The new "energy soft drink" is made by a private company, with a modest initial investment of a $1,000 (£650), but it is backed up by a government policy of industrialising the cultivation of the coca leaf.
The leaf is a key element in the Andean people's culture and economy. However, it is also cocaine's raw material.
That association with drugs is a motivating influence on the drink's creator Victor Ledezma.
"I want to get to the whole world with my coca-leaf-based drink," says Ledezma, a coca farmer from El Chapare region in central Bolivia.
"Coca has a lot of potential this can change the image of Bolivia as being a drug-trafficking country," he believes.
According to Mr Ledezma, Bolivia's new ally, Iran, has already expressed an interest, having ordered two million bottles.
And some countries in the region, members of the left-wing Alba bloc - mainly Venezuela and Paraguay - are considering not only importing, but also financing Mr Ledezma's project.
"I've developed my own secret formula. I started making the drink at home, based on my beloved but otherwise reviled coca leaf and outsourcing the bottling process," Mr Ledezma says.
"Now we are building a plant in Santa Cruz and aiming to have investments for at least $1m. That's for a start. The whole world should know that coca, besides from its good taste, is good for body and the soul," Mr Ledezma adds.
Beverages derived from coca leaves are not a new idea.
In the late 1800s and early 1900s, an entrepreneur from Corsica, Angelo Mariani, sparked a revolution with his coca-based wine, 'Vin Mariani'.
The drink offered "health, strength, energy and vitality" and was even awarded official recognition by one of its consumers and fans, the then Pope Leo XIII.
Most recently, coca leaves seem to be among the elements in the formula of the Red Bull Cola energy drink.
But most famously, coca leaves helped to give the kick in Coca-Cola's original formula. The company dropped cocaine from its recipe more than 100 years go, but the secret formula still calls for a cocaine-free coca extract.
The Coca-Cola Company is said to import eight tons of coca leaves from South America each year, mainly from Peru.
"The coca leaf has three alkaloids. Extracted from the leaf and concentrated into cocaine with chloride, the coca alkaloid is highly stimulating and, potentially, very addictive," explains Dr Jorge Hurtado, a local psychiatrist and coca expert who heads the International Coca Research Institute.
"However, the small dose present naturally, and unprocessed, in coca leaves provides only a slight energising sensation and it is not addictive; it carries less of a kick than a cup of coffee.
"The same applies to the Coca Colla or other coca-based products like toothpaste, flours or sweets," Dr Hurtado adds.
Even so, with the notable exception of Coca-Cola, most products using coca leaves are banned in most nations beyond the Andes by strict trade regulations.
So for Coca Colla, exporting the beverage widely would require the International Narcotics Control Board of the United Nations to take the coca leaf off the list of dangerous drugs, where it has been since 1961.
And it would also require modifying the current local law, which prevents exports of any product derived from the coca plant.
Bolivian President Evo Morales has yet to indicate whether the law will change.
But Mr Morales, himself a coca grower, has fought for the rights of coca growers and called for the United Nations to lift the ban on coca, criticising the US for its opposition to any change.
Yet Bolivian law currently allows only 12,000 hectares of coca plants to be planted and its purposes must be traditional - for chewing, for tea and for use in indigenous rituals.
But with widespread plans of industrialisation of the shiny green leaf, Mr Morales is pushing to increase the area used to grow coca to 20,000 hectares.
In reality, coca cultivation is far greater than that.
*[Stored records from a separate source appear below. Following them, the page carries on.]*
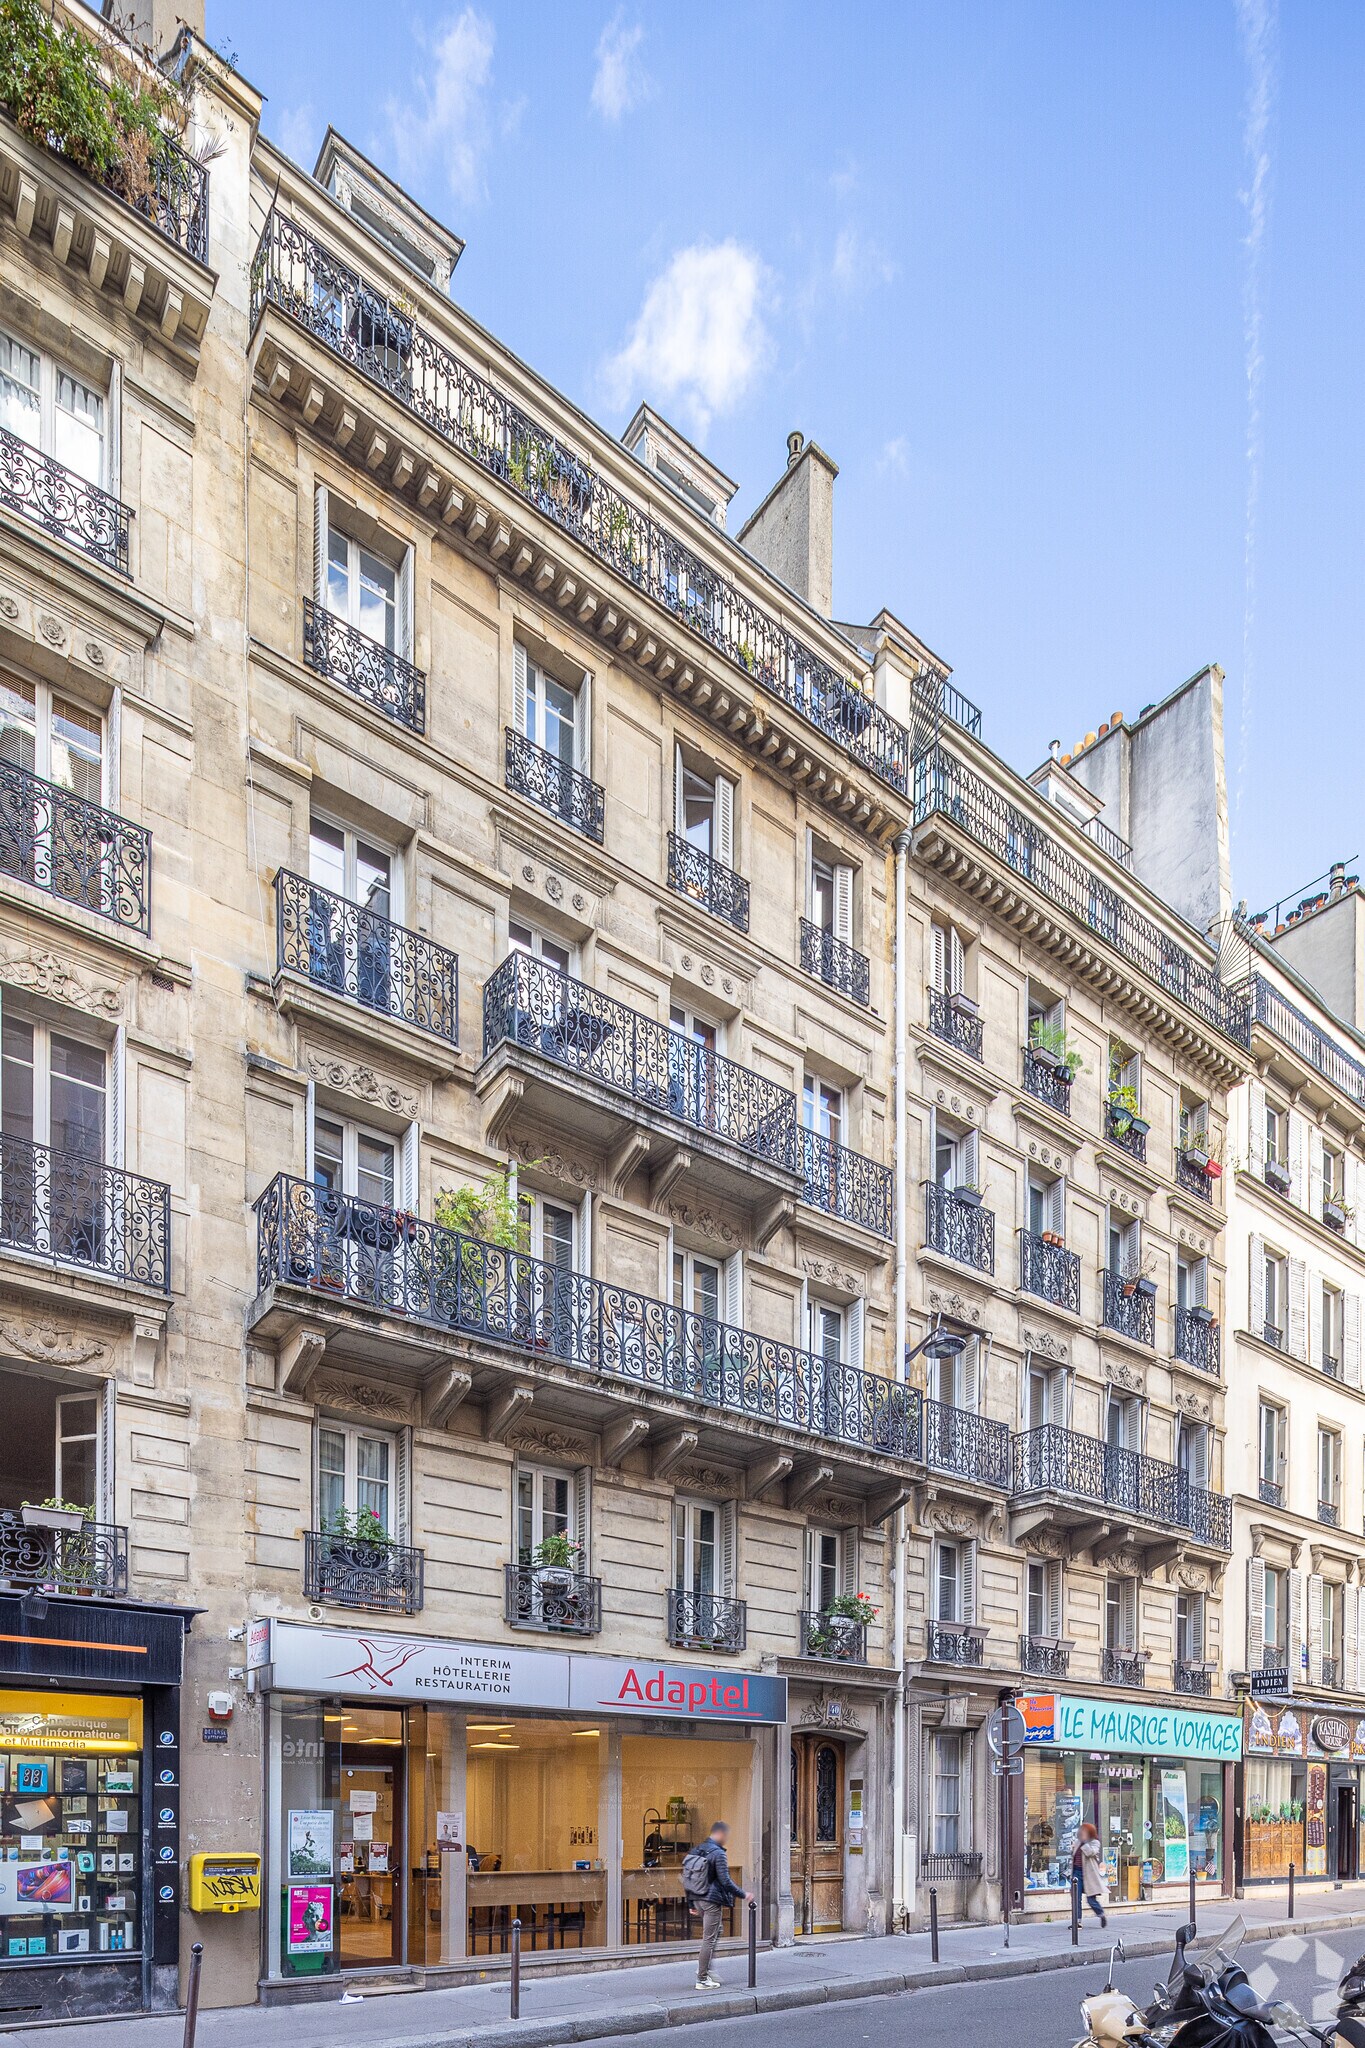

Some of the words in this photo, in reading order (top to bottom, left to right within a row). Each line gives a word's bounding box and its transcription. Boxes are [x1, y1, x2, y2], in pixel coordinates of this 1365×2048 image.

[460, 1657, 511, 1669] INTERIM
[433, 1666, 511, 1681] HÔTELLERIE
[1252, 1669, 1288, 1679] RESTAURANT
[415, 1678, 511, 1693] RESTAURATION
[1256, 1678, 1283, 1687] INDIEN
[618, 1669, 749, 1712] Adaptel
[46, 1727, 121, 1740] Informatique
[1091, 1709, 1168, 1746] MAURICE
[1174, 1717, 1240, 1754] VOYAGES
[1319, 1720, 1349, 1740] KASHMIR
[4, 1737, 16, 1746] et
[20, 1737, 86, 1749] Multimedia
[1255, 1731, 1296, 1749] INDIEN
[1324, 1735, 1343, 1746] HOUSE
A recent report published by the United Nations Office on Drugs and Crime states that, in 2008, approximately 30,200 hectares of coca were under cultivation in two out of the country's nine departments.
The reality is that coca leaves fetch far higher prices than most food crops and cultivation is hard to resist for farmers in one of South America's poorest countries.
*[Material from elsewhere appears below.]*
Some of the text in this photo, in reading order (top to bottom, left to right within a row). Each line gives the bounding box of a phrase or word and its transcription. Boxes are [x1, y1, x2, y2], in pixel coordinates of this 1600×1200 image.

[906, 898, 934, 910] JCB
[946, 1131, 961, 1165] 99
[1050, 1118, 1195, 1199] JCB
The government's hope is that, by supporting coca's other uses, it will help some farmers avoid the temptation of cocaine trade. It says legal coca production makes enough to support 300,000 people.
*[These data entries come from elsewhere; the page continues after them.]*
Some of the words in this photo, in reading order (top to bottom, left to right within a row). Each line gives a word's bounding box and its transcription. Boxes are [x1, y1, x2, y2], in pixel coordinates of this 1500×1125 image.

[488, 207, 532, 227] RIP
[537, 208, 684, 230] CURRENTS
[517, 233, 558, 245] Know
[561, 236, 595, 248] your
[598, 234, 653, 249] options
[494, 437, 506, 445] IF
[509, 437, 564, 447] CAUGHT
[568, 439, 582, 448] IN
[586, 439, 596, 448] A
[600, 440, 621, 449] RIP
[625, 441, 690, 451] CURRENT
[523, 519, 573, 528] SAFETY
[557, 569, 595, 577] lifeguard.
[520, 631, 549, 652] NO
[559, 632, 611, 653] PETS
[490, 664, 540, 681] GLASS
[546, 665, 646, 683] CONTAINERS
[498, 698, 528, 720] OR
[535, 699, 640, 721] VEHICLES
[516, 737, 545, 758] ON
A government source told the BBC that they were in the final stages of analysing the product and would soon provide financial support to its producers.
"The aim is to provide greater social benefits to producers and suppliers of the raw material.
"This is great for Bolivia and will be great for the coca leaf, because then people won't only talk just about the negative side of coca-derived products", the source said.
"And there's more to it than that. This is a matter of national pride. Soon, people will stop talking about 'God, Country and Coca-Cola'; they'll be talking of '[Andean Goddess] Mother Earth, Bolivia and Coca Colla.'"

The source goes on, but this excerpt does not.